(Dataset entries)

════════════════

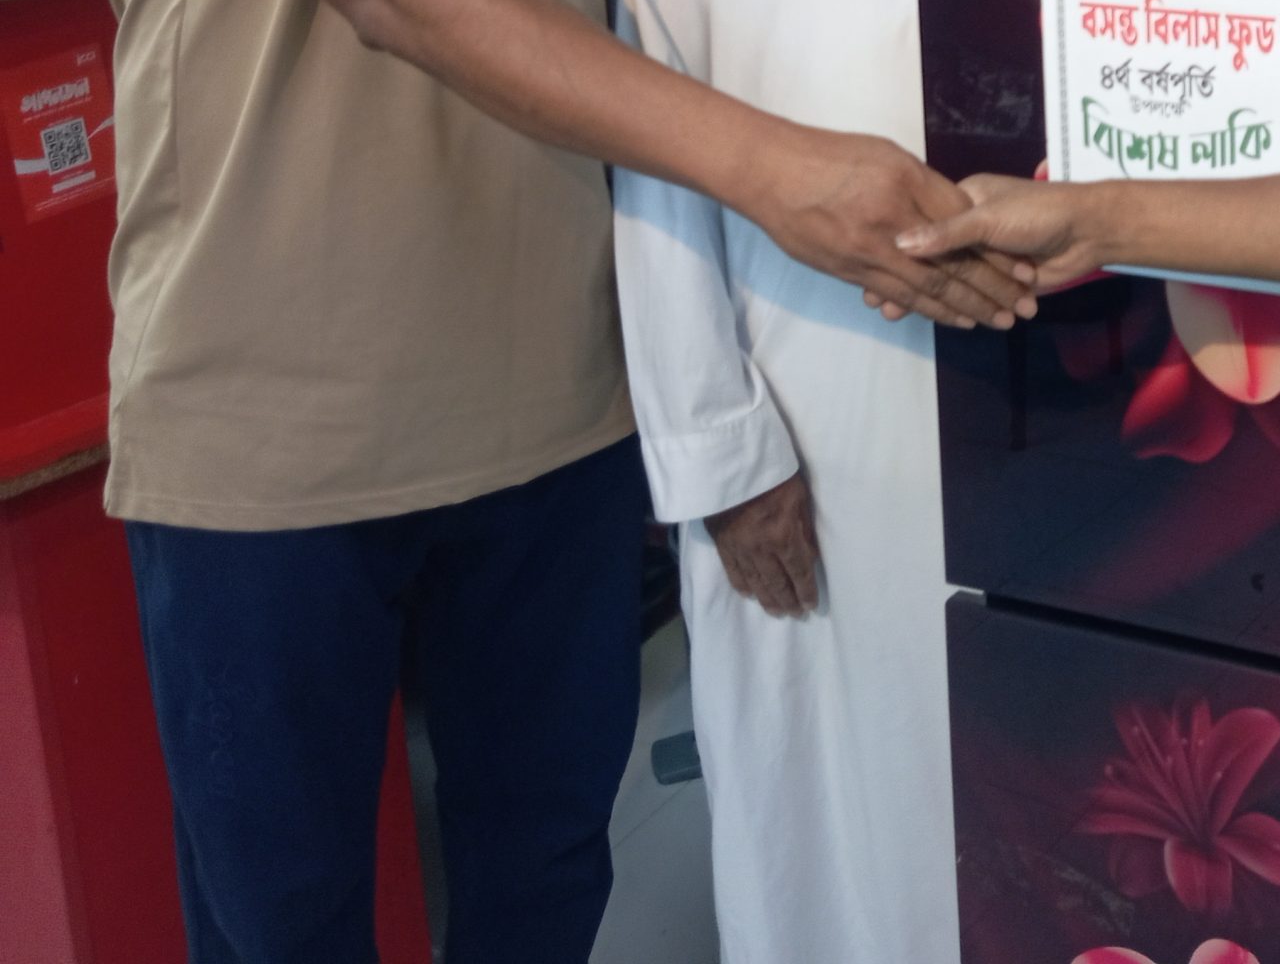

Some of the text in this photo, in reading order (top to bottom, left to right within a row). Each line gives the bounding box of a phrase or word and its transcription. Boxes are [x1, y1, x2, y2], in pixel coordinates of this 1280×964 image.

[1080, 2, 1138, 46] বসন্ত
[1226, 13, 1276, 71] ফুড
[1101, 58, 1216, 102] ৪র্থ বর্ষপূর্তি
[1129, 94, 1192, 119] উপলক্ষে
[1081, 96, 1181, 179] বিশেষ
[1190, 107, 1273, 168] লাকি
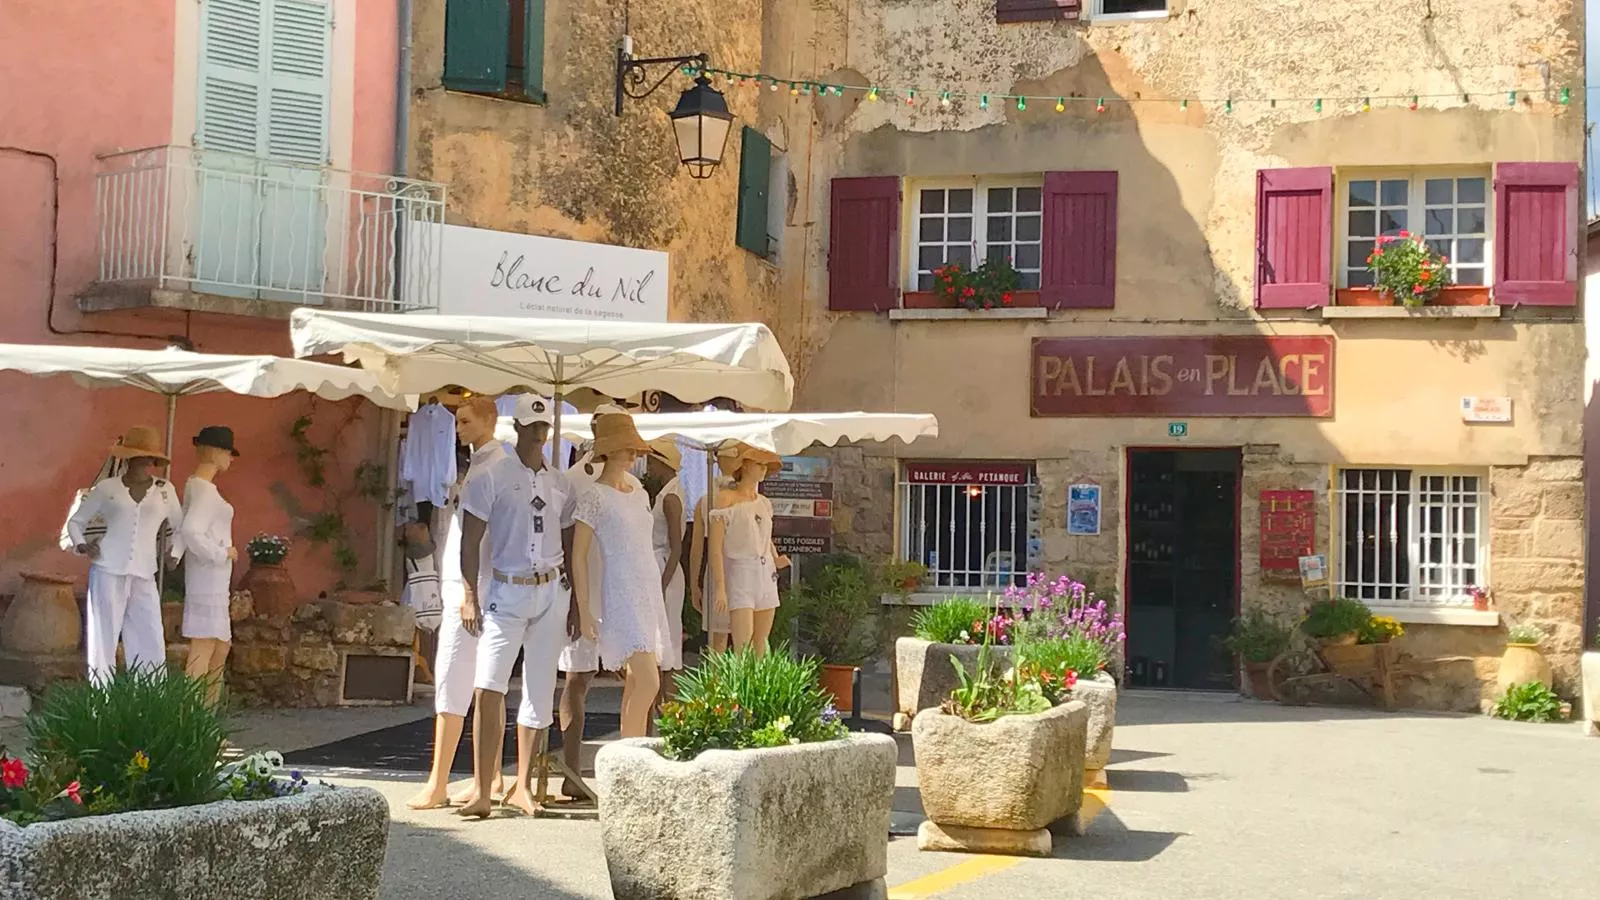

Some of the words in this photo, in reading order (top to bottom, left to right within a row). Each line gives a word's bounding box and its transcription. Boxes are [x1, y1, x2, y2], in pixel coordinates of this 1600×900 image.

[490, 250, 562, 293] Blanc
[571, 266, 602, 298] du
[611, 269, 655, 304] Nil
[574, 306, 583, 315] de
[585, 307, 592, 316] la
[1038, 354, 1173, 397] PALAIS
[1176, 367, 1201, 383] en
[1203, 354, 1325, 396] PLACE
[1172, 424, 1184, 435] 19
[914, 472, 946, 481] GALERIE
[978, 473, 1019, 482] PETANQUE
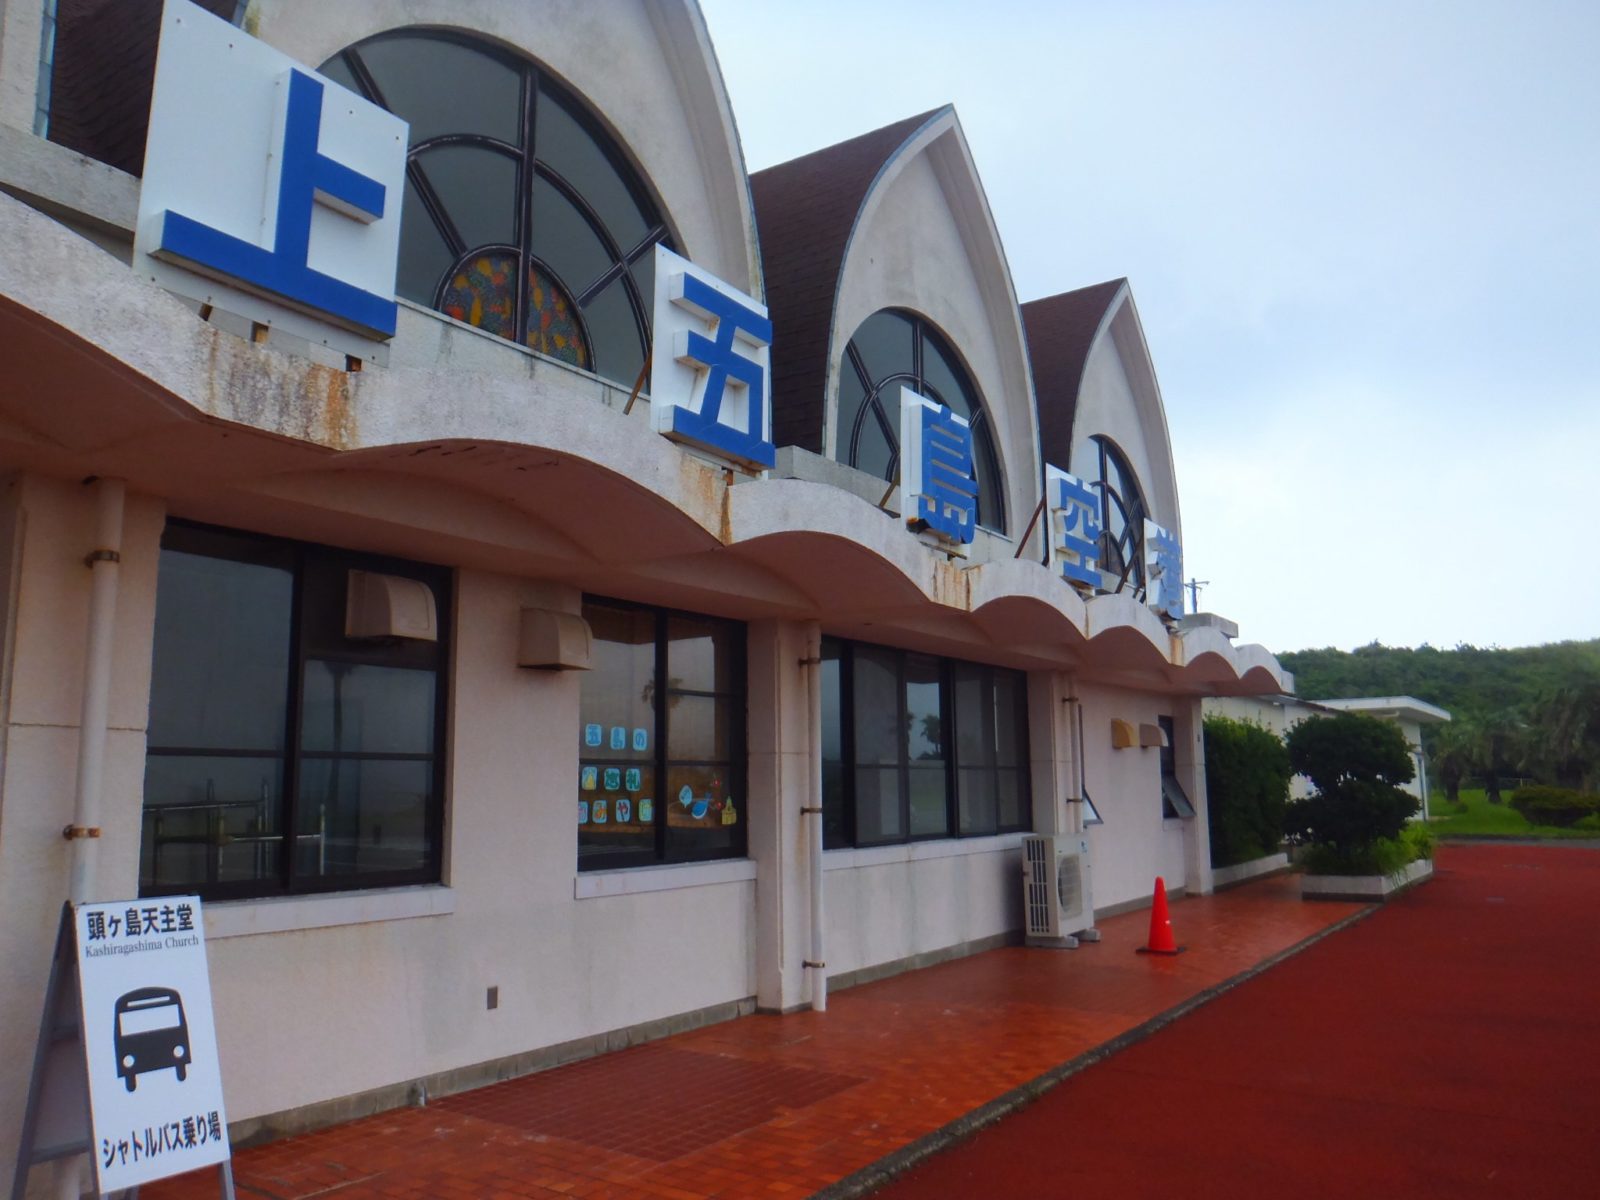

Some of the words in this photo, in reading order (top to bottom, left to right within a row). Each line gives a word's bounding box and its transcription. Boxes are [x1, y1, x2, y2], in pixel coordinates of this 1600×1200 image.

[85, 941, 163, 958] Kashiragashima
[165, 935, 199, 949] Church
[103, 1110, 221, 1168] シャトルバス乗り場
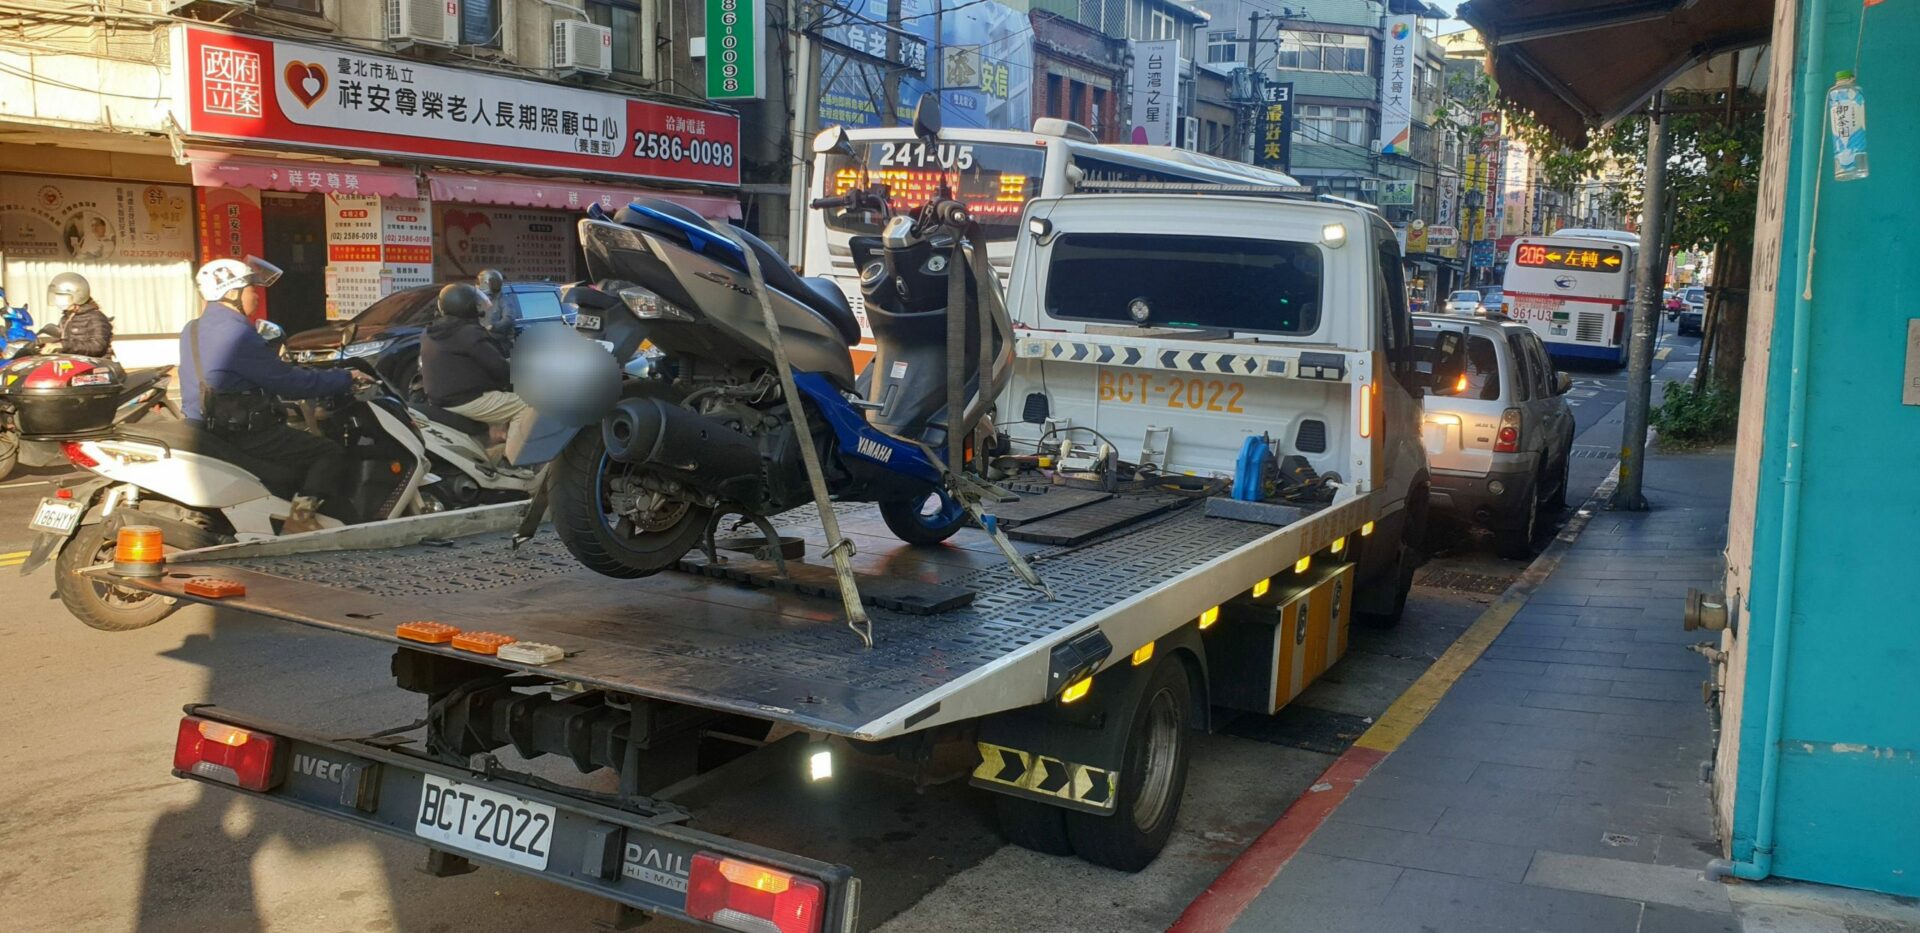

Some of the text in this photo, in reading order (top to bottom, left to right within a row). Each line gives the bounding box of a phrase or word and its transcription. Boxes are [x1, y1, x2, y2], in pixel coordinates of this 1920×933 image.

[206, 51, 258, 82] 政府
[338, 57, 414, 84] 臺北市私立
[207, 83, 260, 114] 立案
[338, 79, 618, 140] 祥安尊榮老人長期照顧中心
[665, 115, 706, 136] 洽詢電話
[634, 130, 734, 168] 2586-0098
[880, 142, 974, 170] 241-U5
[288, 168, 361, 190] 祥安尊榮
[1518, 246, 1545, 265] 206
[1564, 251, 1599, 269] 左轉
[1512, 307, 1552, 322] 961-U3
[1099, 370, 1245, 414] BCT-2022
[857, 436, 893, 463] YAMAHA
[625, 842, 689, 876] DAIL
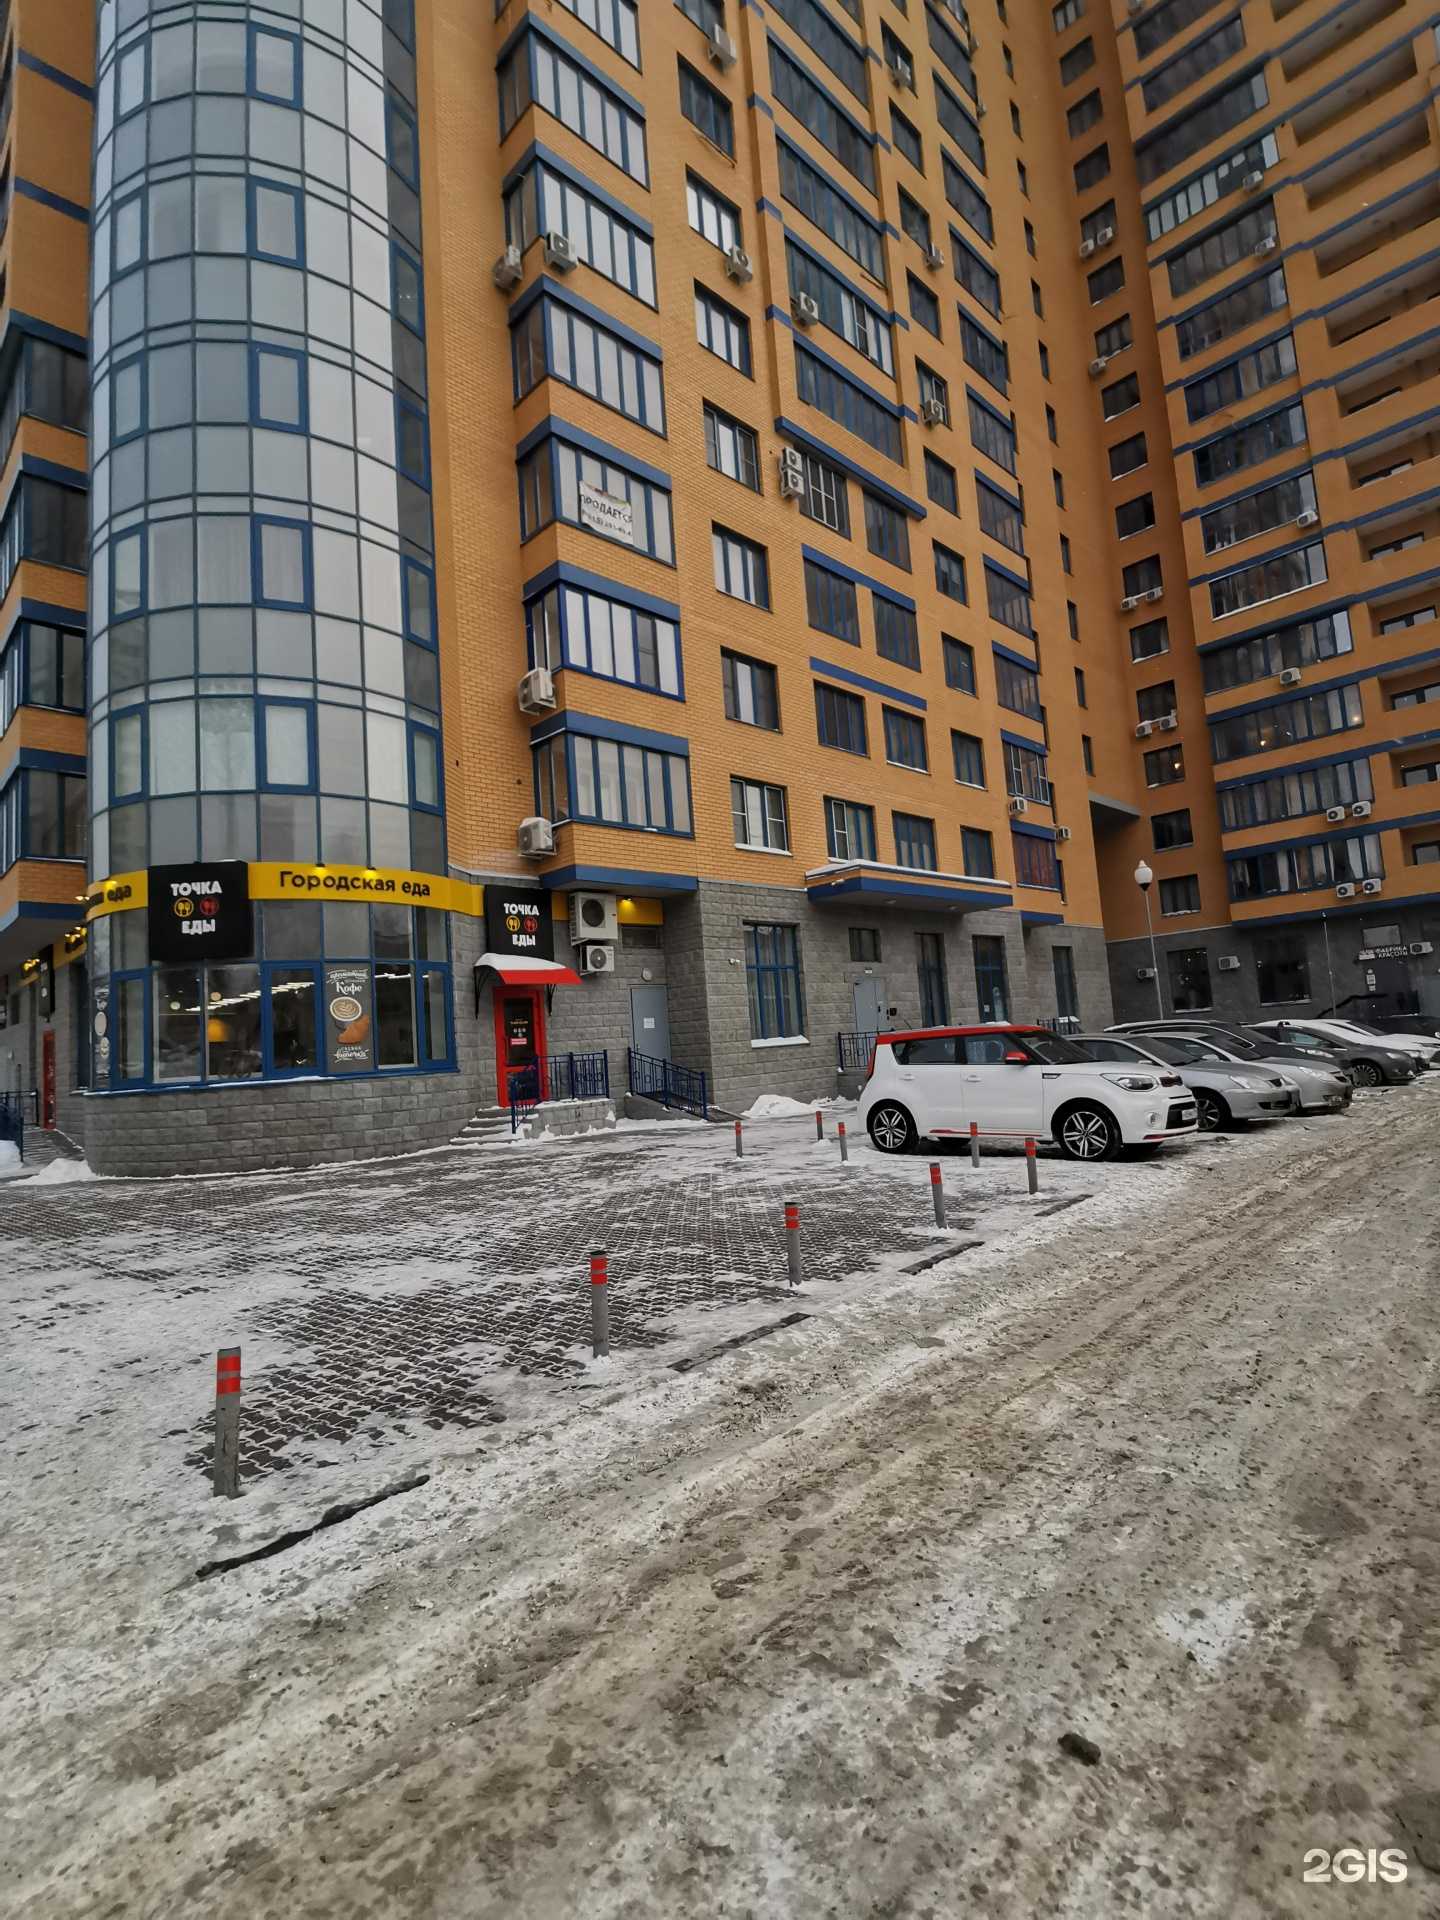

════════════════

» **TASK DETAILS**
Please retype every entry above exactly, leaving out any picture.

» **WRITTEN RESPONSE**
Some of the text in this photo, in reading order (top to bottom, left to right within a row). Each line gives the bounding box of a phrase or word and its transcription. Boxes are [x1, y1, x2, y2], in pixel coordinates of this 1280×964 image.

[1080, 2, 1138, 46] বসন্ত
[1226, 13, 1276, 71] ফুড
[1101, 58, 1216, 102] ৪র্থ বর্ষপূর্তি
[1129, 94, 1192, 119] উপলক্ষে
[1081, 96, 1181, 179] বিশেষ
[1190, 107, 1273, 168] লাকি

Some of the words in this photo, in reading order (top to bottom, left to right within a row). Each line gives a word's bounding box and its transcription. Boxes are [x1, y1, x2, y2], in pixel coordinates of this 1600×900 image.

[490, 250, 562, 293] Blanc
[571, 266, 602, 298] du
[611, 269, 655, 304] Nil
[574, 306, 583, 315] de
[585, 307, 592, 316] la
[1038, 354, 1173, 397] PALAIS
[1176, 367, 1201, 383] en
[1203, 354, 1325, 396] PLACE
[1172, 424, 1184, 435] 19
[914, 472, 946, 481] GALERIE
[978, 473, 1019, 482] PETANQUE

Some of the words in this photo, in reading order (top to bottom, left to right within a row). Each line gives a word's bounding box and its transcription. Boxes are [x1, y1, x2, y2], in pixel coordinates of this 1600×1200 image.

[85, 941, 163, 958] Kashiragashima
[165, 935, 199, 949] Church
[103, 1110, 221, 1168] シャトルバス乗り場

Some of the text in this photo, in reading order (top to bottom, left to right within a row). Each line gives the bounding box of a phrase or word and its transcription. Boxes are [x1, y1, x2, y2], in pixel coordinates of this 1920×933 image.

[206, 51, 258, 82] 政府
[338, 57, 414, 84] 臺北市私立
[207, 83, 260, 114] 立案
[338, 79, 618, 140] 祥安尊榮老人長期照顧中心
[665, 115, 706, 136] 洽詢電話
[634, 130, 734, 168] 2586-0098
[880, 142, 974, 170] 241-U5
[288, 168, 361, 190] 祥安尊榮
[1518, 246, 1545, 265] 206
[1564, 251, 1599, 269] 左轉
[1512, 307, 1552, 322] 961-U3
[1099, 370, 1245, 414] BCT-2022
[857, 436, 893, 463] YAMAHA
[625, 842, 689, 876] DAIL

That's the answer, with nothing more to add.